┏━━

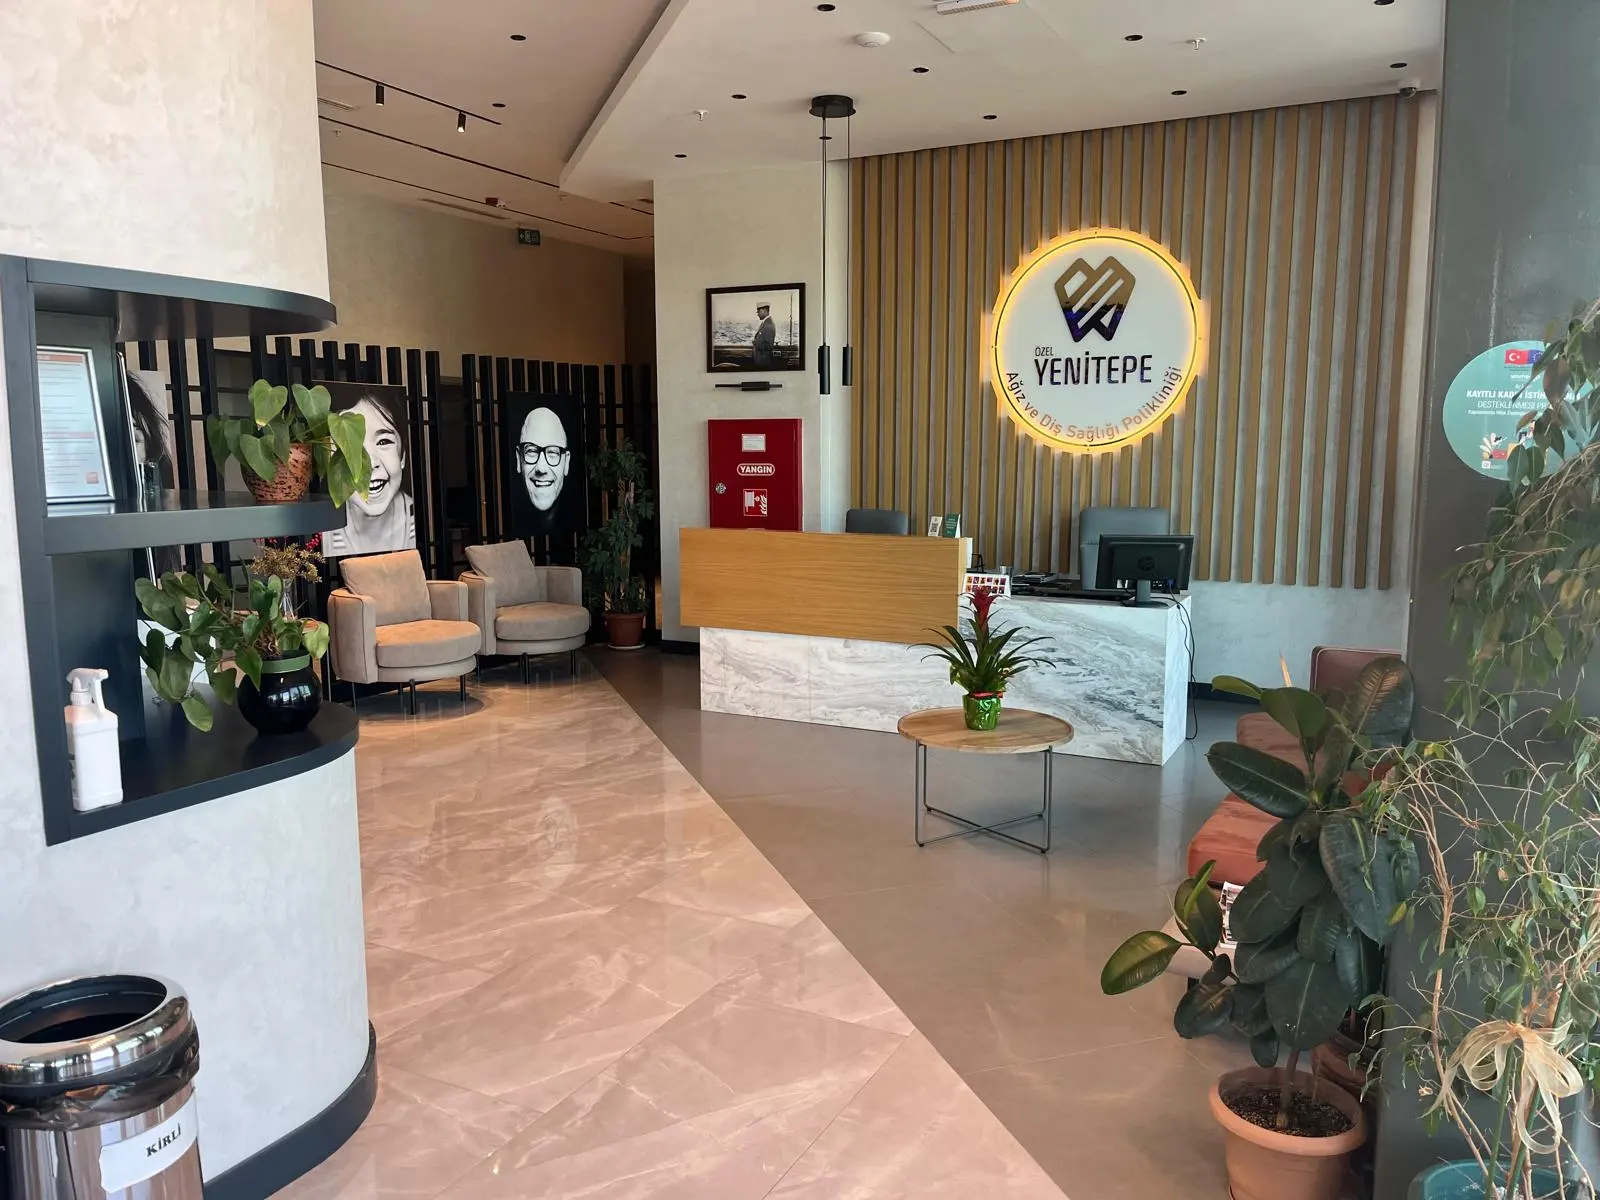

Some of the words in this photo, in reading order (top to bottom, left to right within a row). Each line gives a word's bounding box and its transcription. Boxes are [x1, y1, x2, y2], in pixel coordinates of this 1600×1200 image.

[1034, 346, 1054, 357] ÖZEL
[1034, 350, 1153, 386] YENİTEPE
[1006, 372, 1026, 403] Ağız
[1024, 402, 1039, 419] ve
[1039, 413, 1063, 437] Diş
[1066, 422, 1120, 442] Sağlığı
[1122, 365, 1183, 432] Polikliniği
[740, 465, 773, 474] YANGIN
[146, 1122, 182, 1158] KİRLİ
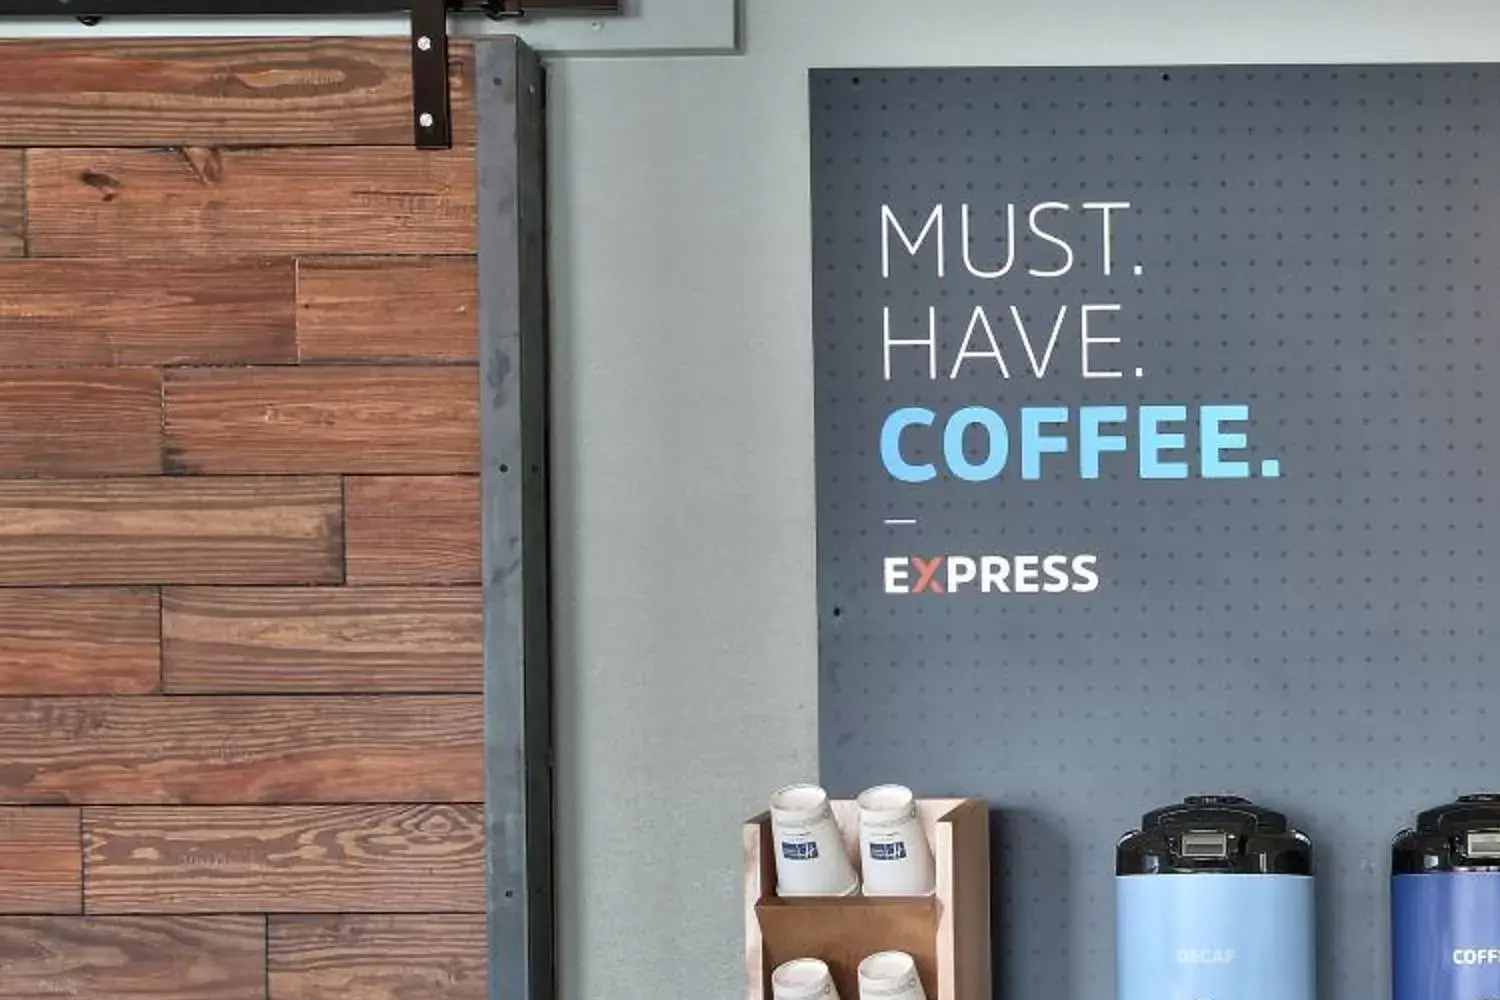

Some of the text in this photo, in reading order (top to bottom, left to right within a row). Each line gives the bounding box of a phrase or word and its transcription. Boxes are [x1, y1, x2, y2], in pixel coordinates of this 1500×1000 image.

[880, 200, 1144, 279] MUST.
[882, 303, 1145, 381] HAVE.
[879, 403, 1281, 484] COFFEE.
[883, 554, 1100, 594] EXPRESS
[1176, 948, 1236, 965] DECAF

┗━━

§ **Task objective**: Write down only the closing run of lines: the one containing "Some of the text" and every line after it to the end of the entries, exactly.

§ **Answer**:
Some of the text in this photo, in reading order (top to bottom, left to right within a row). Each line gives the bounding box of a phrase or word and its transcription. Boxes are [x1, y1, x2, y2], in pixel coordinates of this 1500×1000 image.

[880, 200, 1144, 279] MUST.
[882, 303, 1145, 381] HAVE.
[879, 403, 1281, 484] COFFEE.
[883, 554, 1100, 594] EXPRESS
[1176, 948, 1236, 965] DECAF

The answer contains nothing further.